Un jukebox en bois, où niche un petit pianiste articulé jouant à la demande du visiteur des morceaux d’Erik Satie, nous informe par exemple du goût pour la musique du protagoniste éponyme de Qui est Monsieur Lorem Ipsum ? (2013), acte de naissance de ce dernier. Son goût pour la bidouille high tech ne fait pas de doute non plus. On devine aussi sa relation paradoxale aux nouvelles technologies qu’il emploie, en ce qu’elles sont mises au service d’objets anciens et d’autres qui ne le sont pas mais qui en donnent très bien l’impression. Vidée de ses tubes cathodiques, remplacés avec bonheur par des bonhommes de la taille du pianiste enfermé dans son jukebox, La télé révèle avec humour l’importance du détournement dans la démarche d’Emmanuel Audibert. Faite en six épisodes, la série qui s’y joue reprend les codes de la saga familiale télévisuelle pour aborder tout en légèreté des questions écologiques. Hors télé, une Madame en bois de 15 centimètres danse, rêve et fait bien d’autres choses grâce à 17 moteurs que l’on voit mais qu’on oublie. De même que ceux qui font gesticuler et tomber dans leurs boites Les Humbles…

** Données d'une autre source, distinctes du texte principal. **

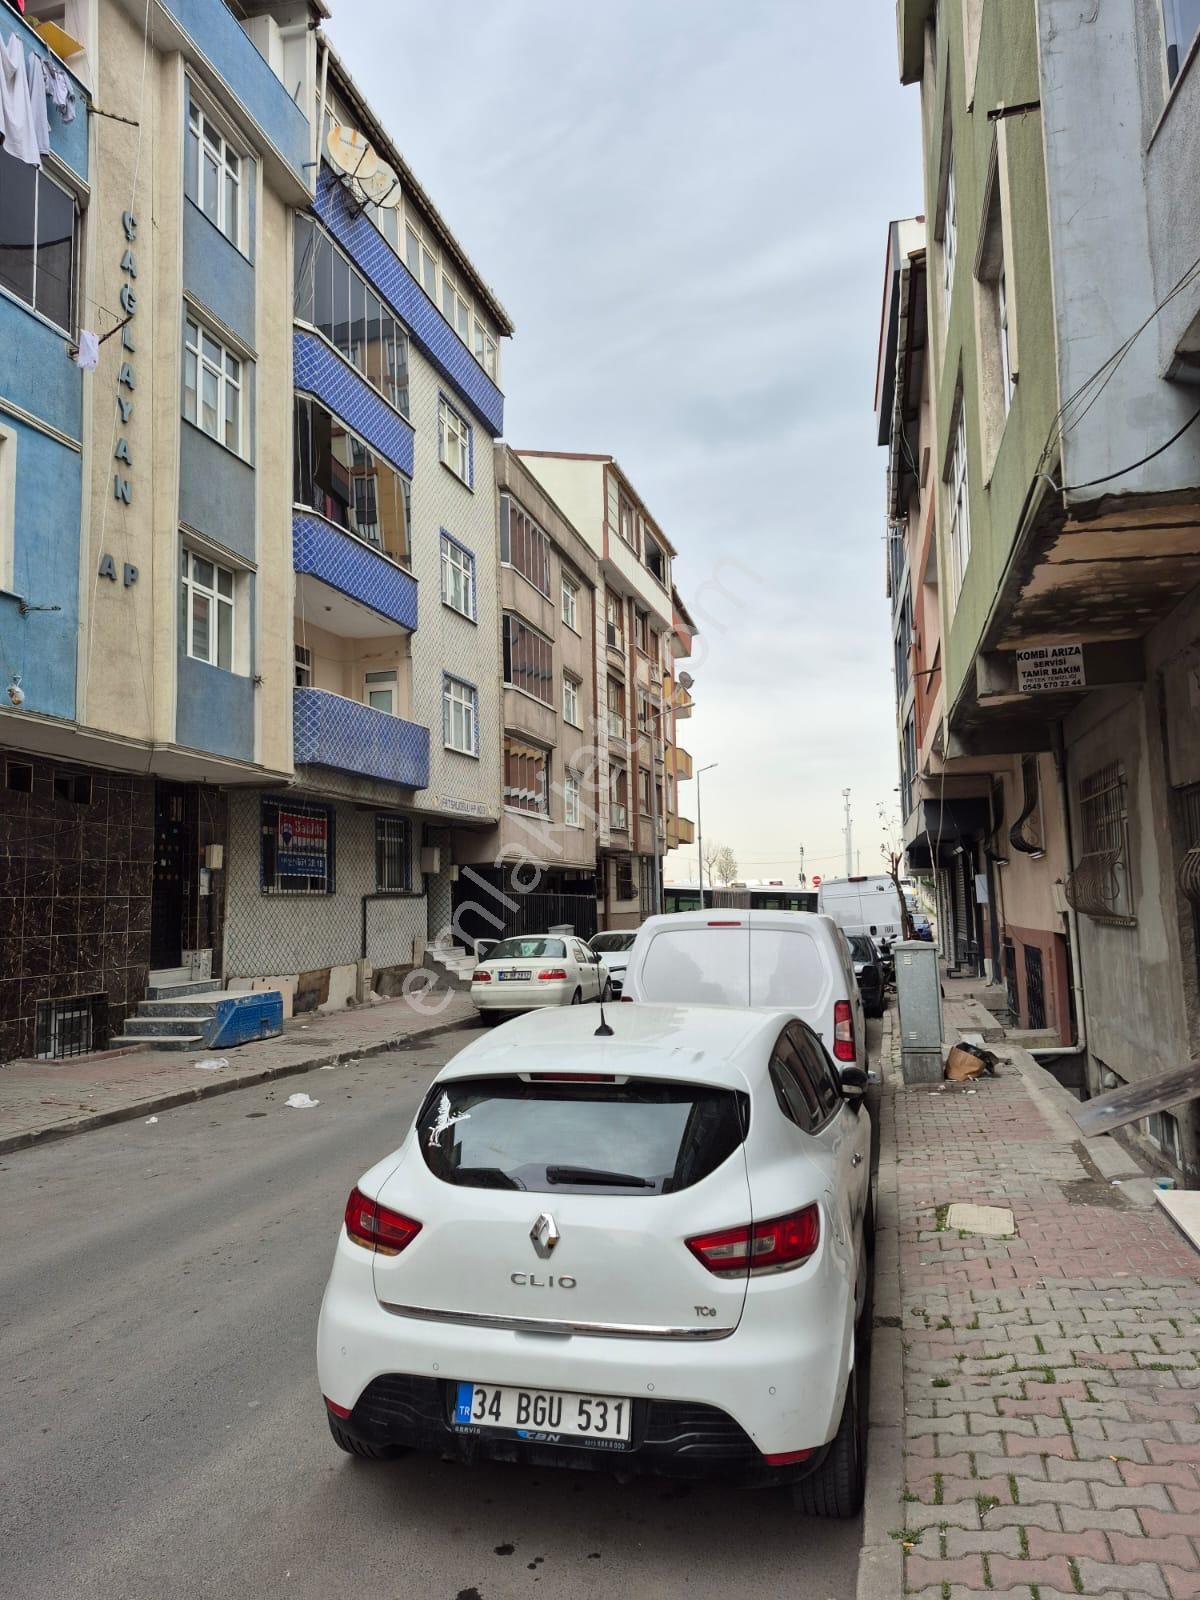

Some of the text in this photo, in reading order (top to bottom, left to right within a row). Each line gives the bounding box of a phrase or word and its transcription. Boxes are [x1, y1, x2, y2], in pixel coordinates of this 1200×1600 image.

Au cœur de cette collection d’objets très mécanisés et pourtant d’apparence très simples, enfantines, une créature en particulier témoigne des idées fixes d’Emmanuel Aubidert : Mario, présenté comme « la première peluche, le premier objet, le premier singe et premier danseur que Monsieur Lorem a animé ». Car dans Mise à nu, qu’il décrit comme le dernier volet du triptyque consacré à Lorem, ce dernier est accompagné d’un Grand Singe au poil fatigué de peluche arrivée en fin de vie. Et dans son spectacle précédent déjà, On était une fois, aussi présenté pour MARTO à La Piscine, des peluches mécanisées formaient le public d’un « spectacle de On », interprété par des musiciens hauts comme des Playmobils. Le duo formé par Emmanuel Audibert et son primate est d’autant plus touchant qu’il est précédé de toutes les expériences citées plus tôt. Il en est même en quelque sorte le condensé. En mettant en scène la relation de Lorem Ipsum avec un seul de ses automates-marionnettes, Mise à nu donne à voir les fondements d’un geste qui aime à se démultiplier en un passionnant et ludique jeu d’échelles.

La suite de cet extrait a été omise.